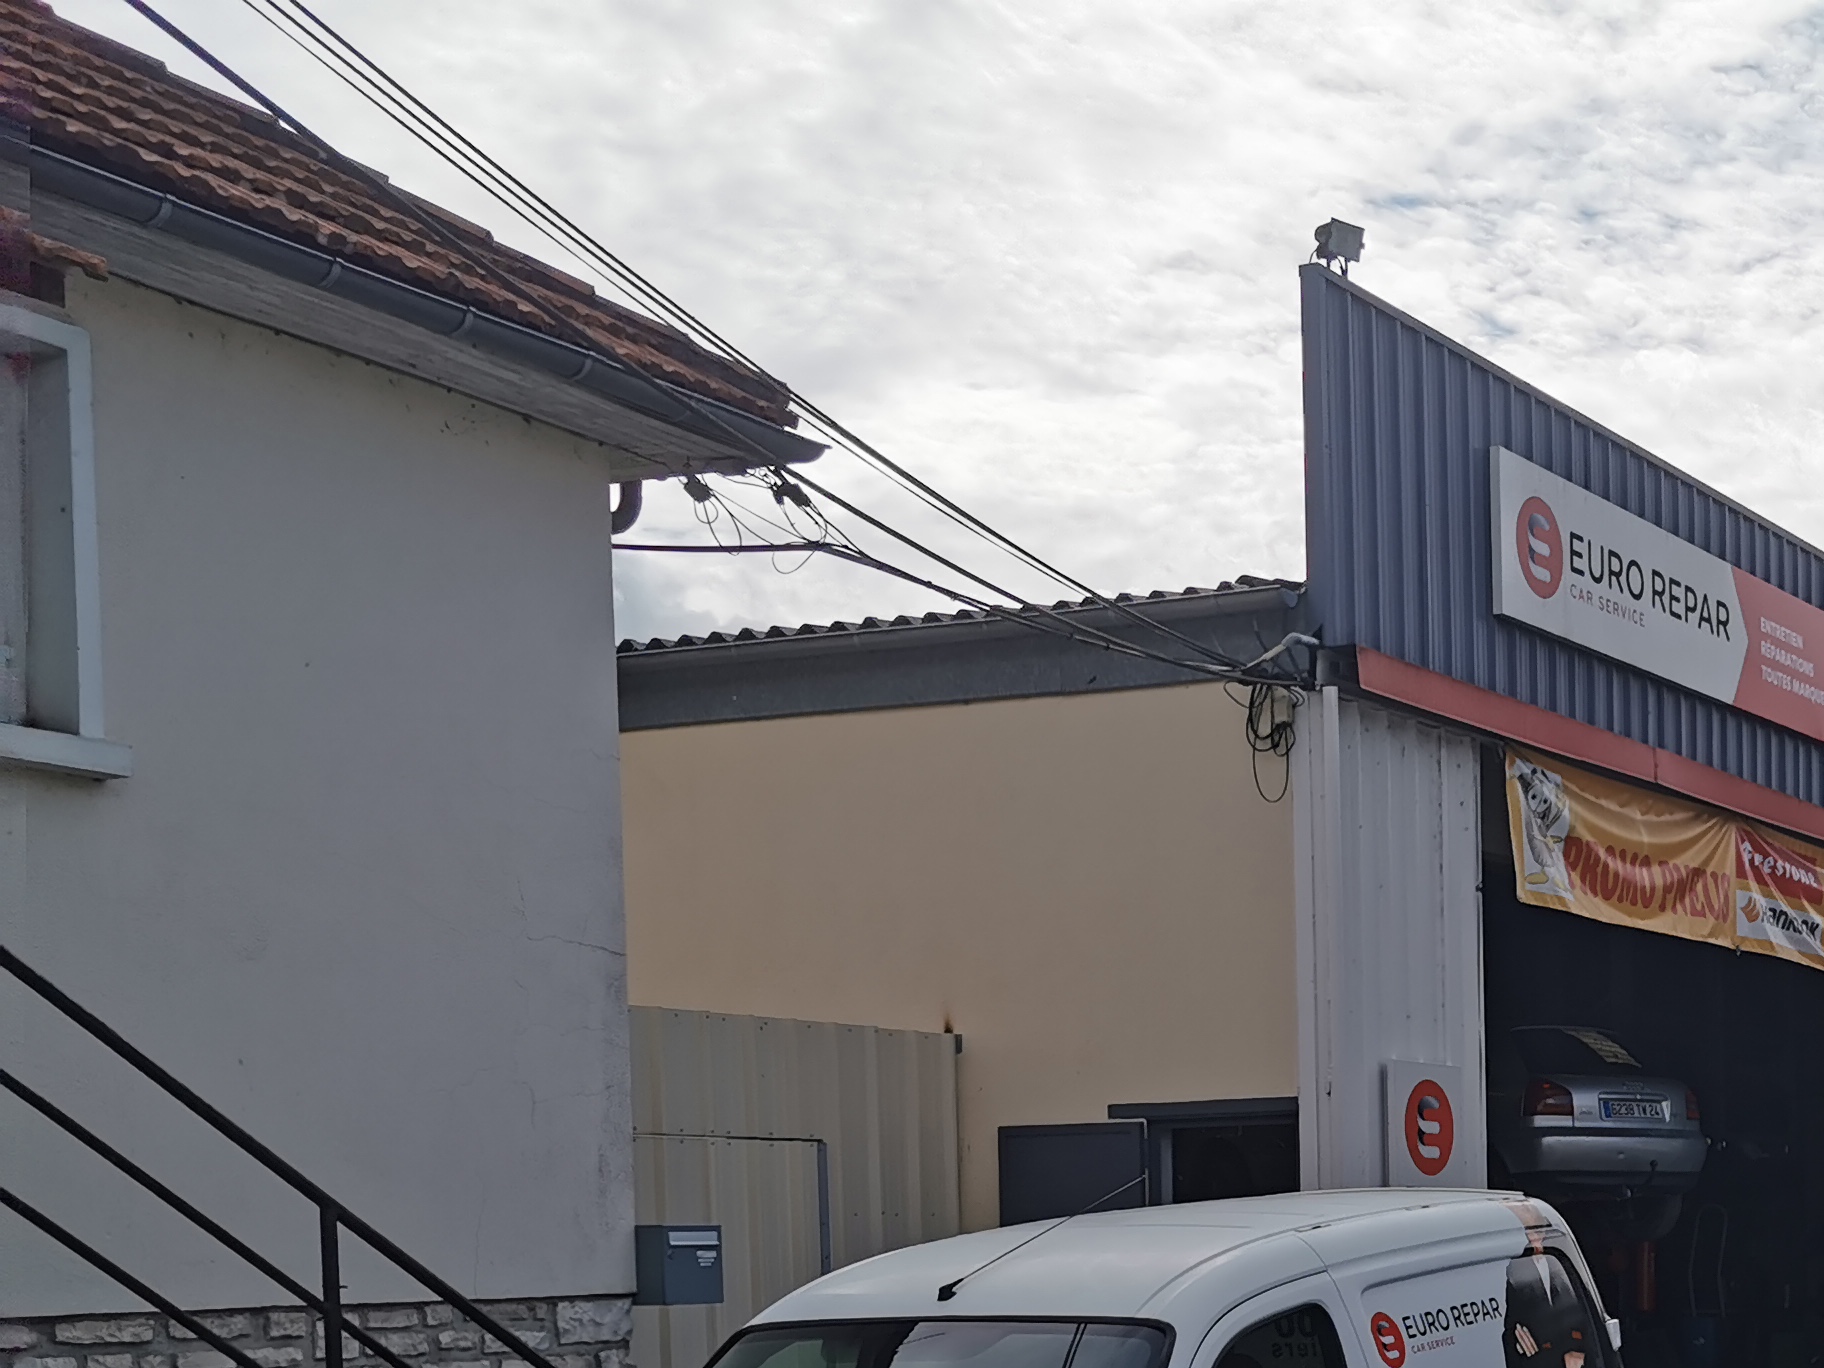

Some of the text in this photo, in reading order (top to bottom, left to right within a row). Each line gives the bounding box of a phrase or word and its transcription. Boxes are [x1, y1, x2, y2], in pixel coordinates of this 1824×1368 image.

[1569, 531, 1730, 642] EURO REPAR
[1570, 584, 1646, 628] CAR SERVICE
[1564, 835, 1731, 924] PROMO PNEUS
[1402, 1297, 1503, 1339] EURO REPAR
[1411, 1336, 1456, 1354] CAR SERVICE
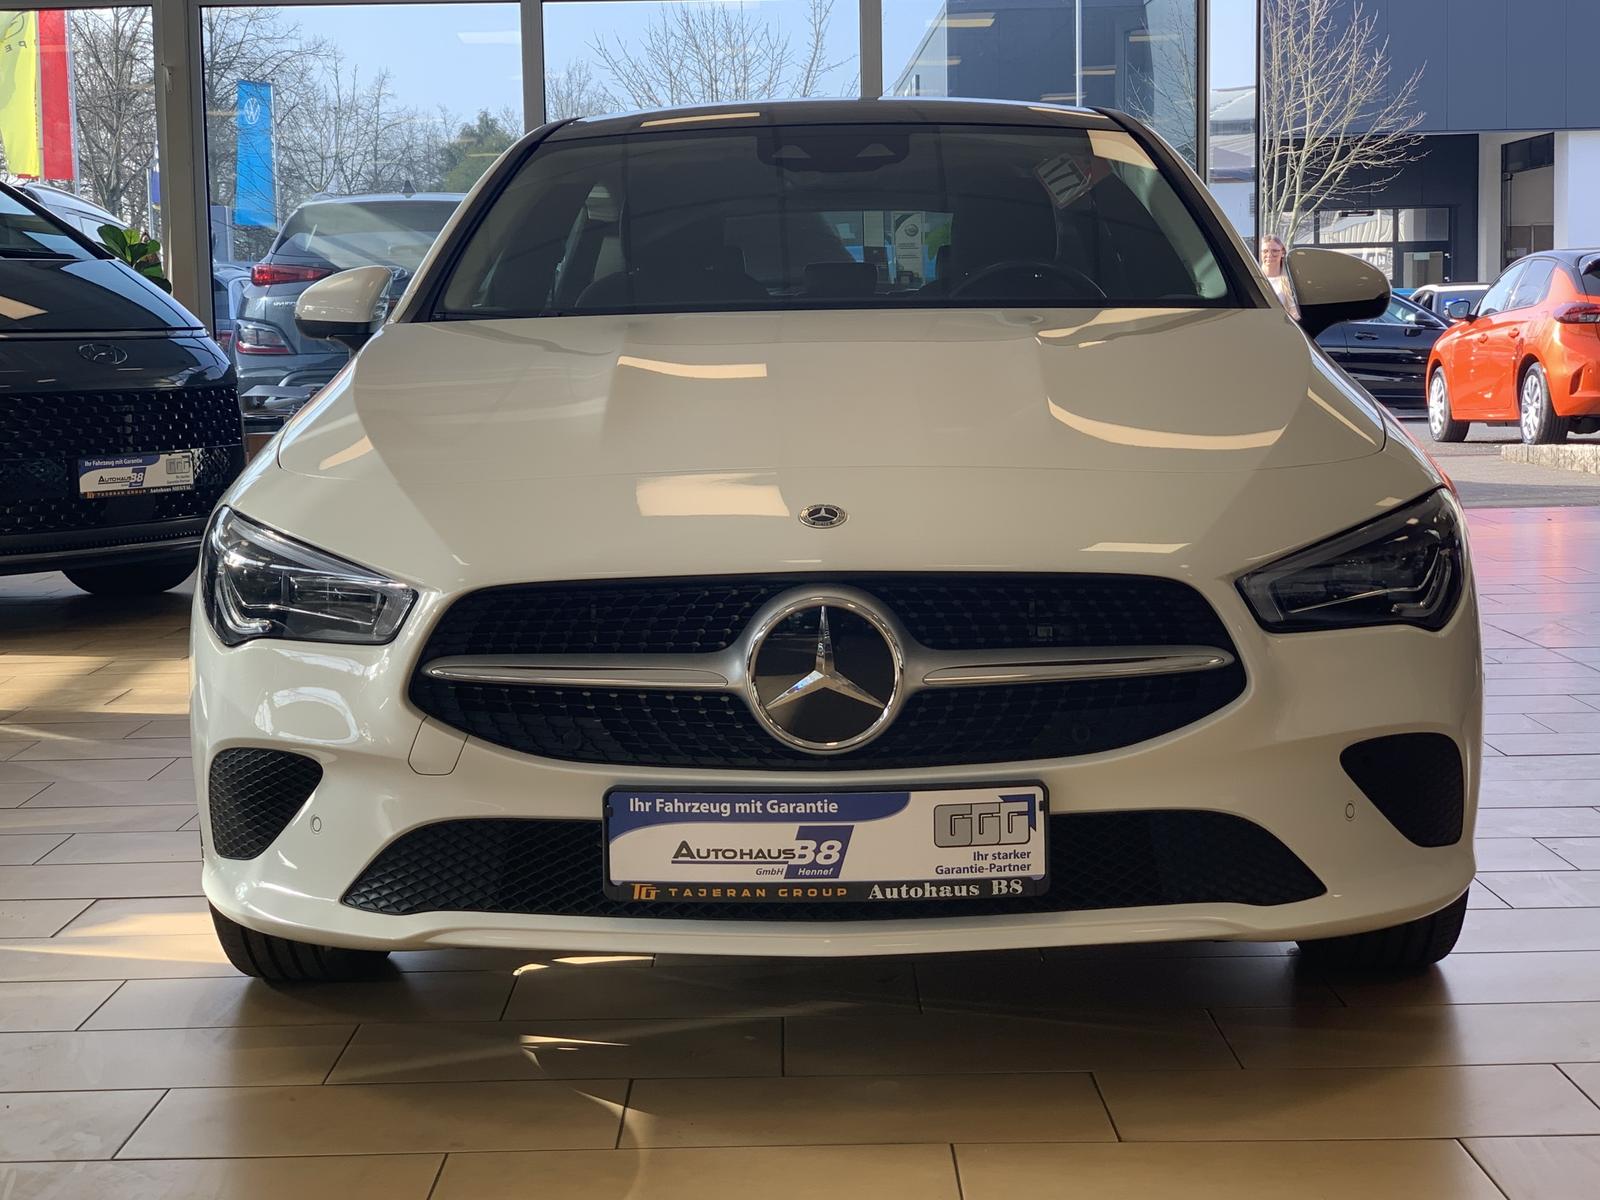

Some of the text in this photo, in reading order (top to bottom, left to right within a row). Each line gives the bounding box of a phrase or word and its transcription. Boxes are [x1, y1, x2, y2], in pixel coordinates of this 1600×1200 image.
=====
BRIEF: Pictures stay out; repeat all the rest of the records exactly.

OUTPUT OF THE TASK:
Some of the text in this photo, in reading order (top to bottom, left to right within a row). Each line gives the bounding box of a phrase or word and its transcription. Boxes are [x1, y1, x2, y2], in pixel coordinates of this 1824×1368 image.

[1569, 531, 1730, 642] EURO REPAR
[1570, 584, 1646, 628] CAR SERVICE
[1564, 835, 1731, 924] PROMO PNEUS
[1402, 1297, 1503, 1339] EURO REPAR
[1411, 1336, 1456, 1354] CAR SERVICE

Some of the text in this photo, in reading order (top to bottom, left to right within a row). Each line gives the bounding box of a phrase or word and its transcription. Boxes are [x1, y1, x2, y2], in pixel coordinates of this 1600×1200 image.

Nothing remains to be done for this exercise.